WORK INSTRUCTIONS: Your task is to return the listing below word for word, without any of its images.

EXTRACTED DATA:
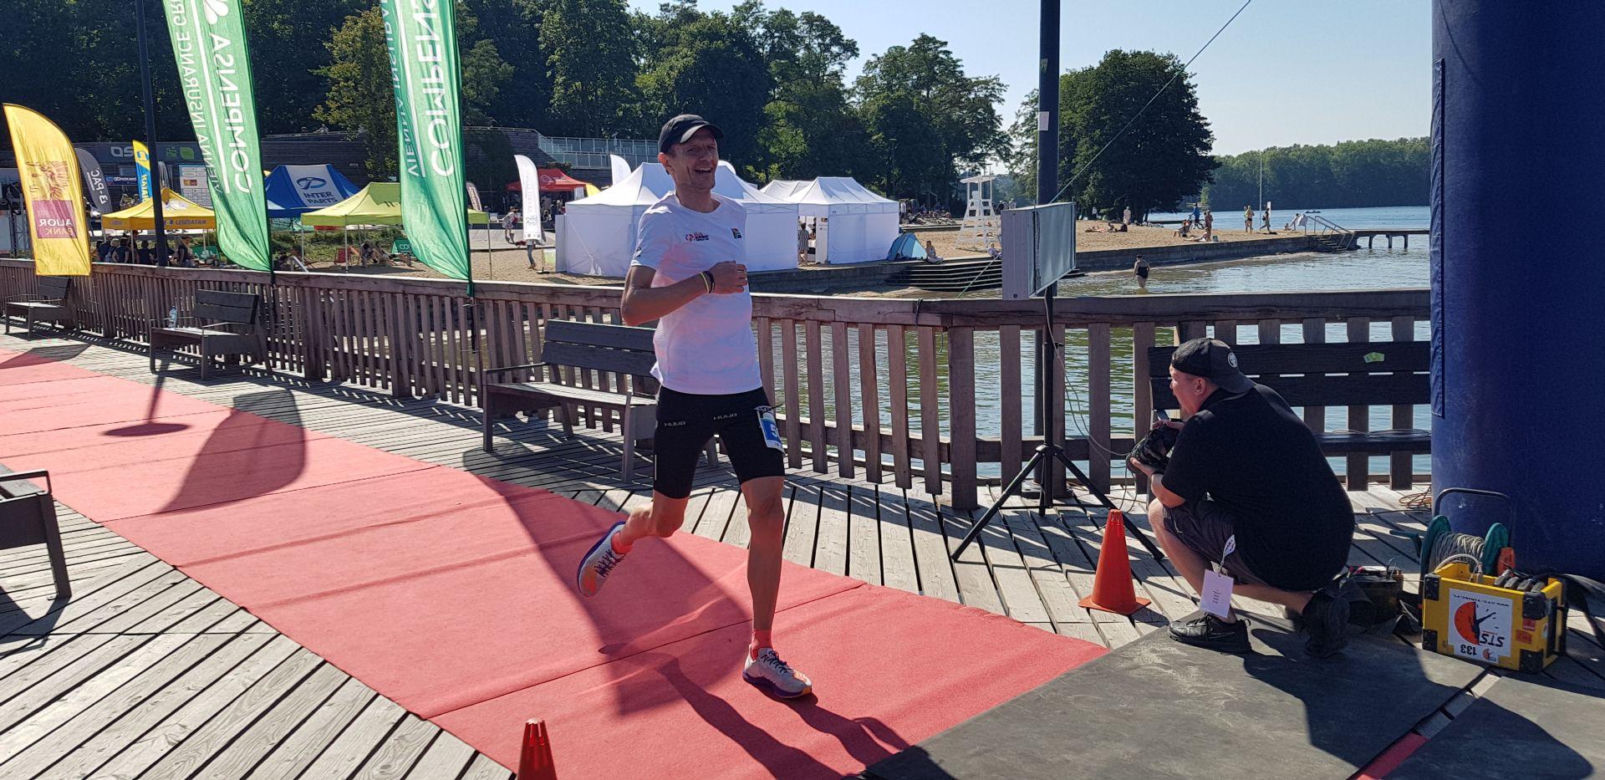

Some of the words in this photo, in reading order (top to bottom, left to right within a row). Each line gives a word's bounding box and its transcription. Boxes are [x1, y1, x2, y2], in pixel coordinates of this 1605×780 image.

[303, 191, 333, 199] INTER
[1480, 633, 1505, 648] STS
[1460, 643, 1478, 656] 133
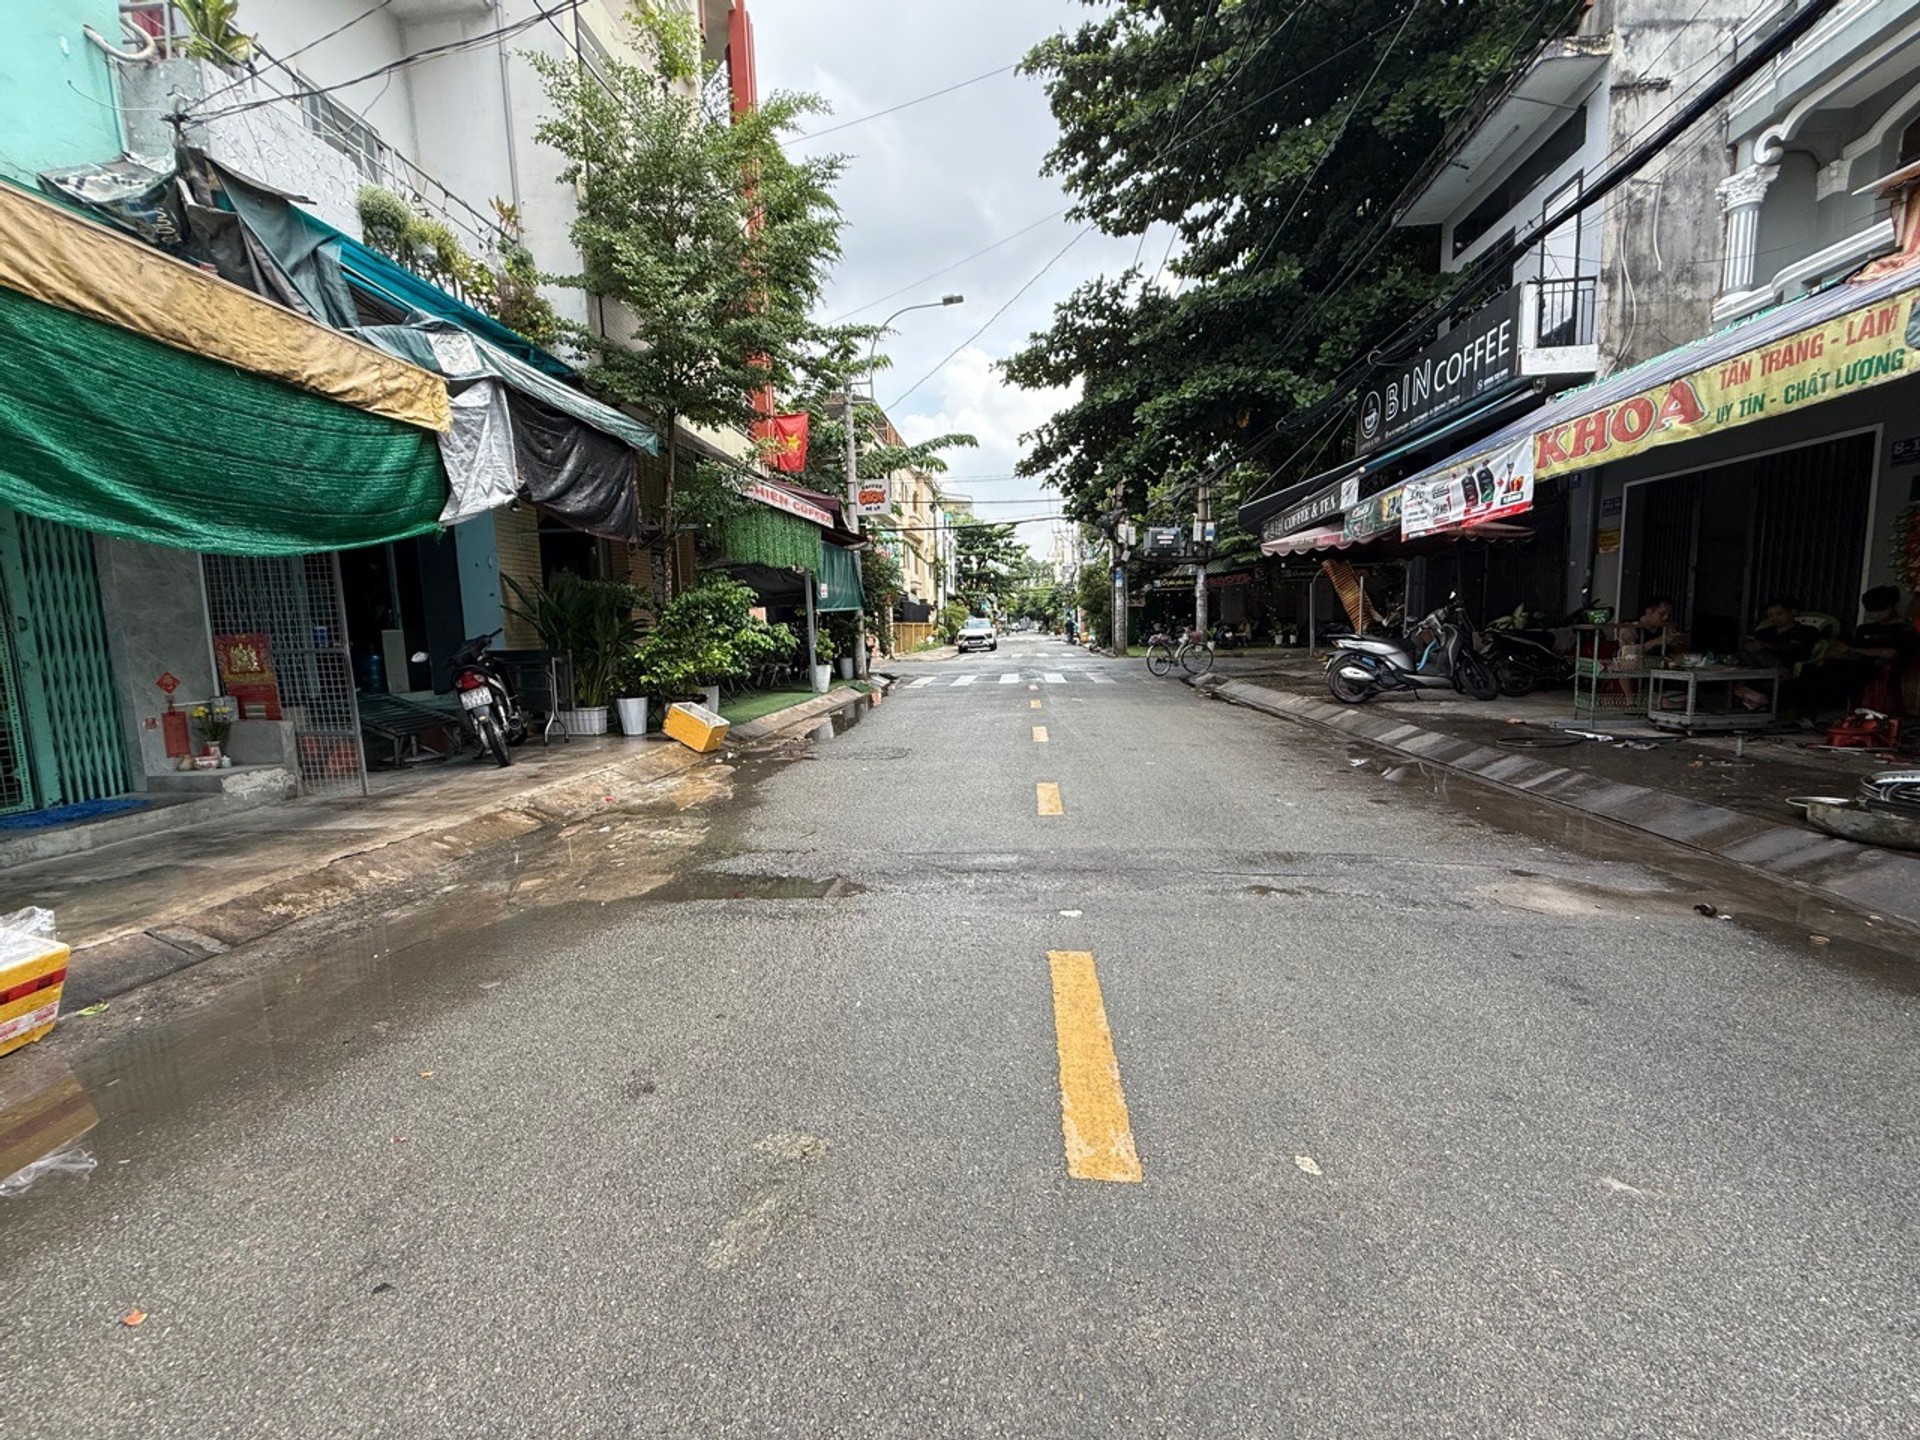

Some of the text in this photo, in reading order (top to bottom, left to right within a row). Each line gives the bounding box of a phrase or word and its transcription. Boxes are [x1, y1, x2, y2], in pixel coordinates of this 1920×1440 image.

[1760, 332, 1824, 377] TRANG
[1846, 304, 1900, 346] LÀM
[1716, 402, 1733, 424] UY
[1739, 389, 1766, 418] TÍN
[1784, 367, 1829, 405] CHẤT
[1835, 348, 1906, 385] LƯỢNG
[1535, 379, 1710, 470] KHOA

SOLUTION:
Some of the words in this photo, in reading order (top to bottom, left to right within a row). Each line gives a word's bounding box and its transcription. Boxes are [x1, y1, x2, y2], in pixel coordinates of this 1605×780 image.

[303, 191, 333, 199] INTER
[1480, 633, 1505, 648] STS
[1460, 643, 1478, 656] 133

Some of the text in this photo, in reading order (top to bottom, left to right within a row). Each line gives the bounding box of a phrase or word and its transcription. Boxes are [x1, y1, x2, y2], in pixel coordinates of this 1920×1440 image.

[1760, 332, 1824, 377] TRANG
[1846, 304, 1900, 346] LÀM
[1716, 402, 1733, 424] UY
[1739, 389, 1766, 418] TÍN
[1784, 367, 1829, 405] CHẤT
[1835, 348, 1906, 385] LƯỢNG
[1535, 379, 1710, 470] KHOA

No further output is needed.